▶ ACTIVITY
Without any pictures, restate the full set of records below exactly.

▶ DATA TO USE

========

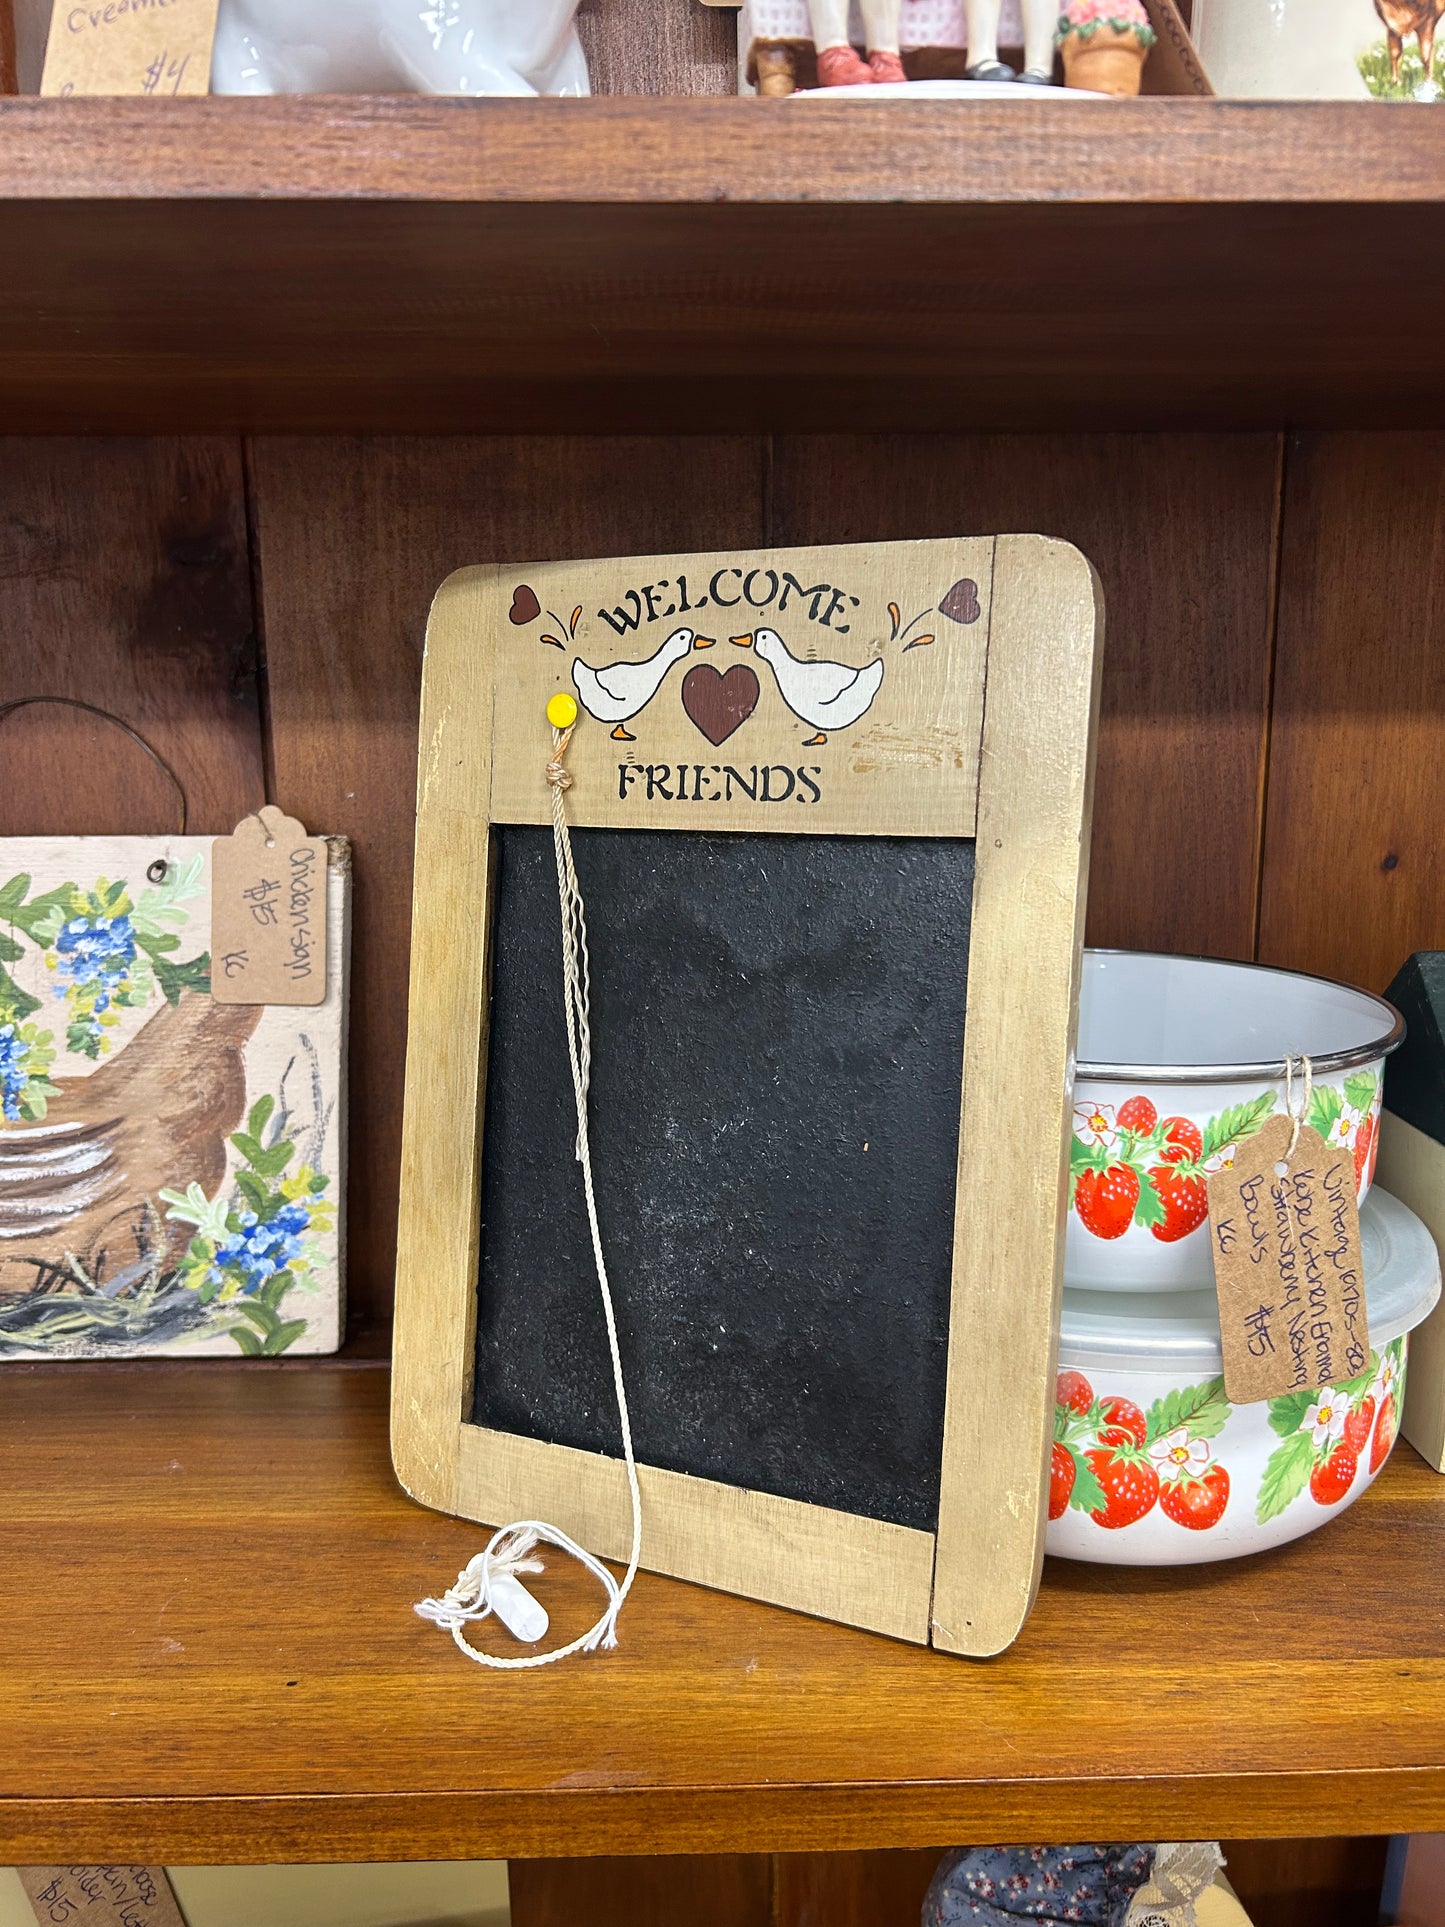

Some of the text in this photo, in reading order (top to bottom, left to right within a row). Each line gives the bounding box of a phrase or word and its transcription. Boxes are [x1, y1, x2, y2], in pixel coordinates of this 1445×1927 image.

[141, 52, 191, 96] $4
[598, 569, 860, 635] WELCOME
[618, 764, 822, 803] FRIENDS
[243, 879, 281, 925] $15
[283, 848, 316, 980] Chicken sign
[1239, 1174, 1269, 1264] Bowls
[1323, 1163, 1350, 1269] Vintage
[1270, 1177, 1308, 1388] Strawberry Nesting
[1300, 1228, 1329, 1317] Kitchen
[1310, 1321, 1335, 1385] Enamel
[36, 1876, 78, 1922] $15
[68, 1865, 106, 1905] older
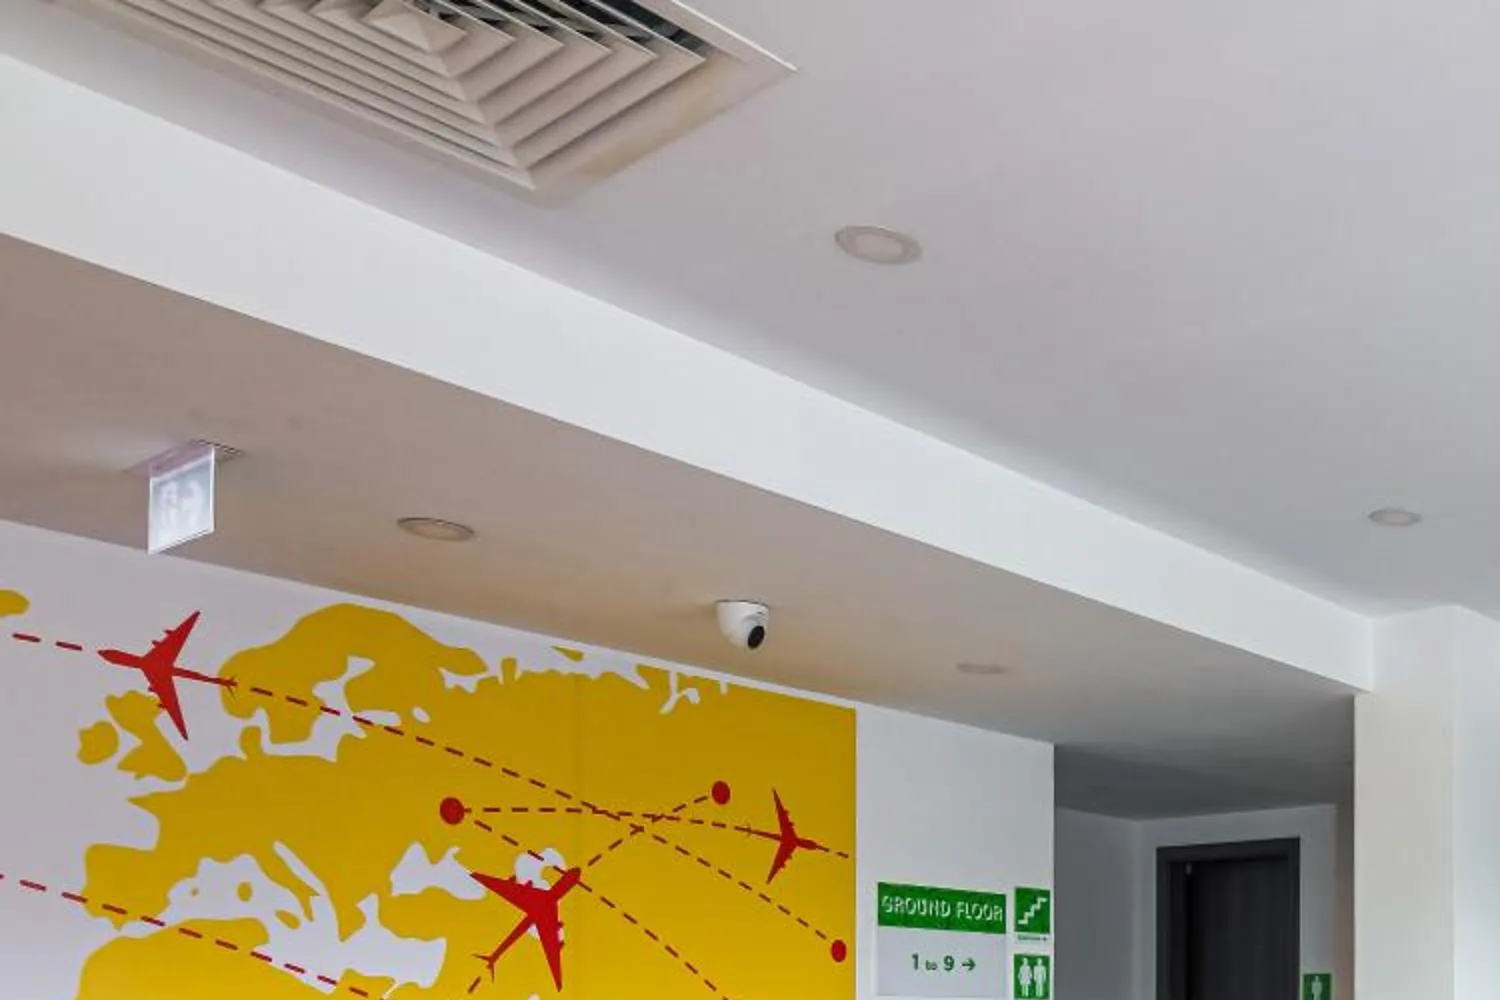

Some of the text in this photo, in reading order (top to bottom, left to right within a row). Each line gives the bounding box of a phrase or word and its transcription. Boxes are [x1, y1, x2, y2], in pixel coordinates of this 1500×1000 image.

========

▶ SOLUTION FOR THIS EXERCISE
Some of the text in this photo, in reading order (top to bottom, left to right within a row). Each line gives the bounding box of a phrase or word and its transcription. Boxes are [x1, y1, x2, y2], in pixel coordinates of this 1445×1927 image.

[141, 52, 191, 96] $4
[598, 569, 860, 635] WELCOME
[618, 764, 822, 803] FRIENDS
[243, 879, 281, 925] $15
[283, 848, 316, 980] Chicken sign
[1239, 1174, 1269, 1264] Bowls
[1323, 1163, 1350, 1269] Vintage
[1270, 1177, 1308, 1388] Strawberry Nesting
[1300, 1228, 1329, 1317] Kitchen
[1310, 1321, 1335, 1385] Enamel
[36, 1876, 78, 1922] $15
[68, 1865, 106, 1905] older

Some of the text in this photo, in reading order (top to bottom, left to right within a row). Each line gives the bounding box of a phrase or word and its transcription. Boxes are [x1, y1, x2, y2], in pixel coordinates of this 1500×1000 image.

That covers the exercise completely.